Post-crash, numerous voices have identified how neoliberalism is associated with the excessive power of corporate interests, producing rising inequality and unsustainable credit, housing and financial bubbles. Yet it is these very interests – an alliance of the big four accountancy firms, some corporate law firms and assorted business lobbies – that have been the key voices promoting a corporation tax cut in Northern Ireland.

In this respect, the key question of – ‘who benefits’ – must be applied to the corporation tax debate in Northern Ireland. For it is clear that beneficiaries will not be distributed evenly across the socio-economic spectrum.

If sequencing is pivotal to the potential success of a corporation tax cut (see earlier post), Northern Ireland will urgently need to upgrade its skills base. It will also need to upgrade its own infrastructure. All of this will require considerable public investment. But a corporation tax cut will be accompanied by an additional cut to the block grant of as much as 8.7%.

Furthermore, the timing of this policy is far from ideal. Northern Ireland is contemplating a substantial voluntary hit to its own public resources amidst a period of unprecedented private-sector deleveraging. Today, European-wide austerity is synchronised across both countries and public and private sectors.  But Northern Ireland is the only territory that seems to want to voluntarily double, or even treble, the hit to its public income in such straitened times.

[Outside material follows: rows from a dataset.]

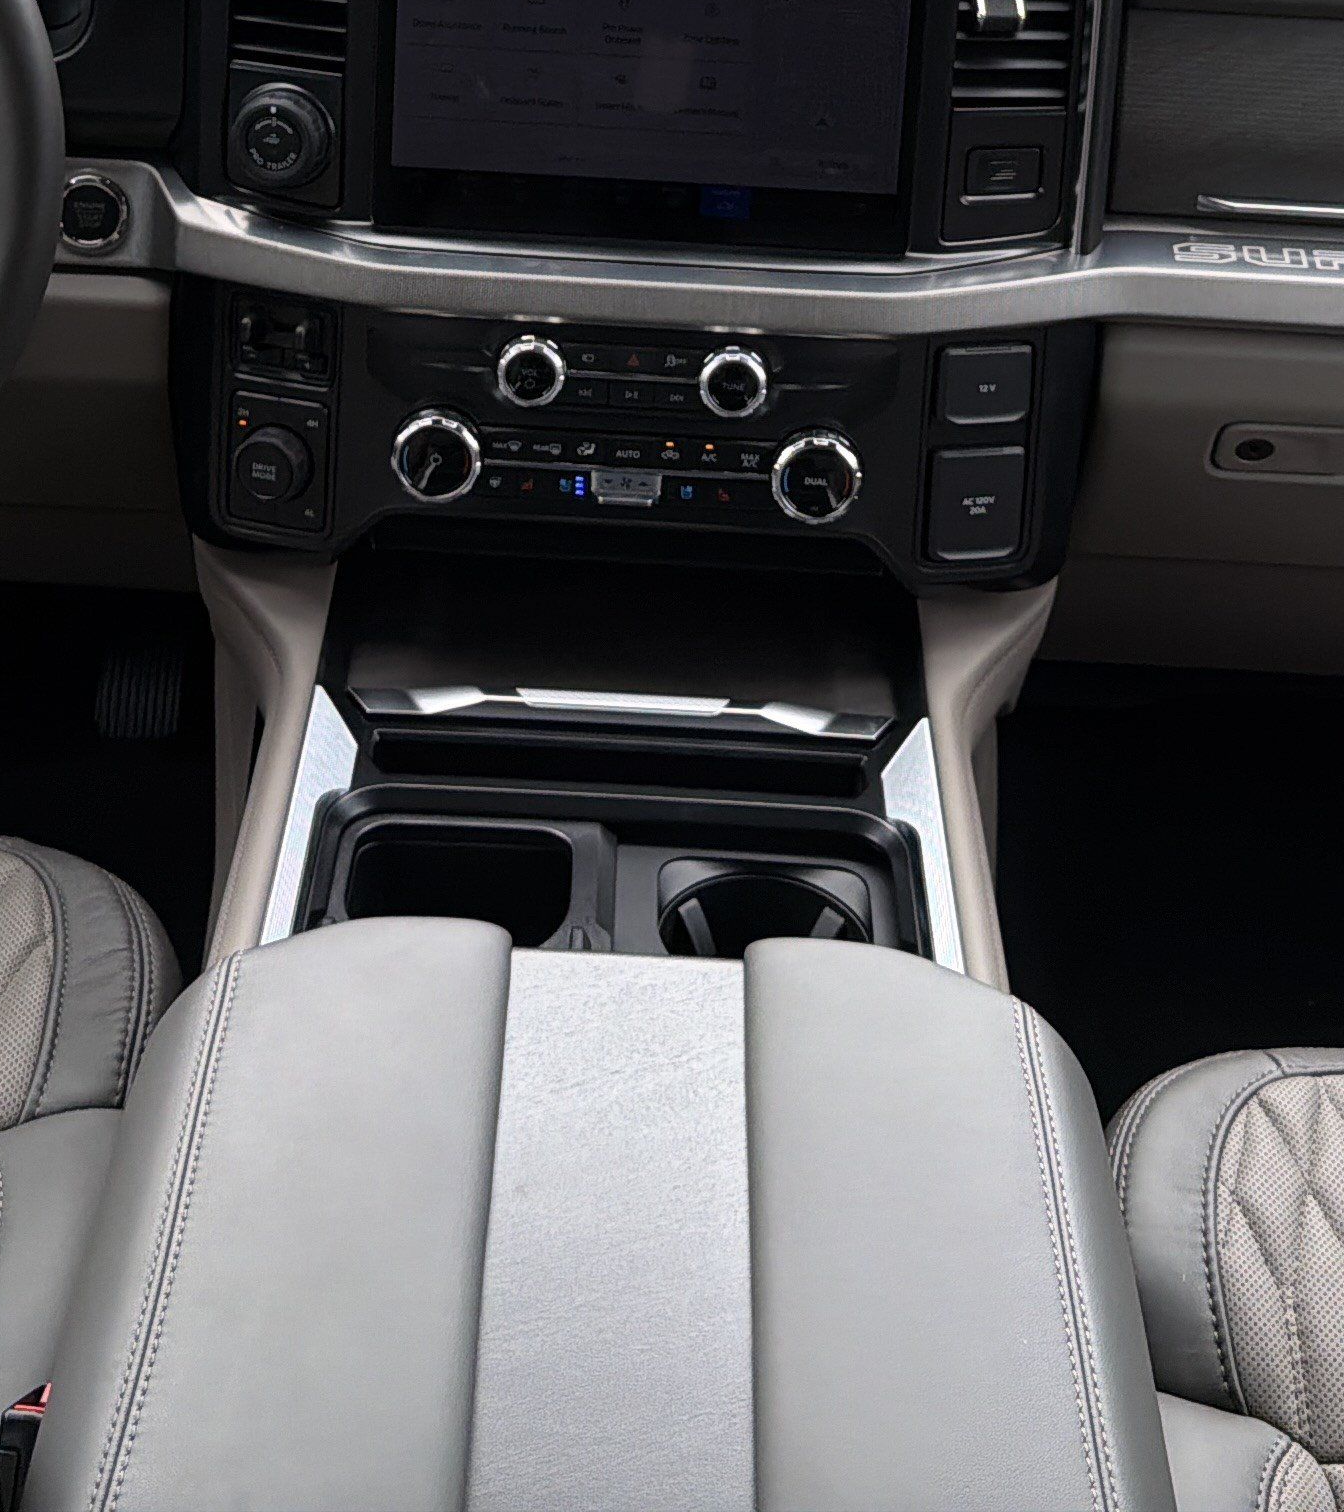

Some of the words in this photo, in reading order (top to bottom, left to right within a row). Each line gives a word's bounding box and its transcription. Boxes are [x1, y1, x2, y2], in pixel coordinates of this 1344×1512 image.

[615, 449, 641, 460] AUTO
[252, 461, 277, 472] DRIVE
[251, 471, 277, 482] MODE
[803, 476, 828, 487] DUAL
[961, 496, 974, 506] AC
[975, 494, 996, 506] 120V

This is where questions of inequality, social polarisation and who uses public services come to the fore. In those communities in Belfast most active in the recent flag protests, 85% of school-leavers have 2 GCSEs or less. In some working-class Catholic areas, the figures are only marginally better. It is high unlikely that these communities will benefit from the kind of high-end, high-skill investments required to make a prospective corporation tax cut work. Feelings of social exclusion, and of being left behind, can be a combustible political and social mix, as the recent protests illustrated.

One key lesson from the financial crisis is that inequality can be economically inefficient, as well as politically and socially corrosive.  But questions of inclusion, fairness and the dangers of a double polarisation have been overlooked in the corporation tax debate.

Ultimately, Northern Ireland has many pressing challenges to address that require public investment, before it can, or should, contemplate experimenting with corporation tax.  In this context, the corporation tax proposal is little more than a fantasy cure, but without an adequate diagnosis of the existing political economy, including its potential strengths, as well as its principal weaknesses.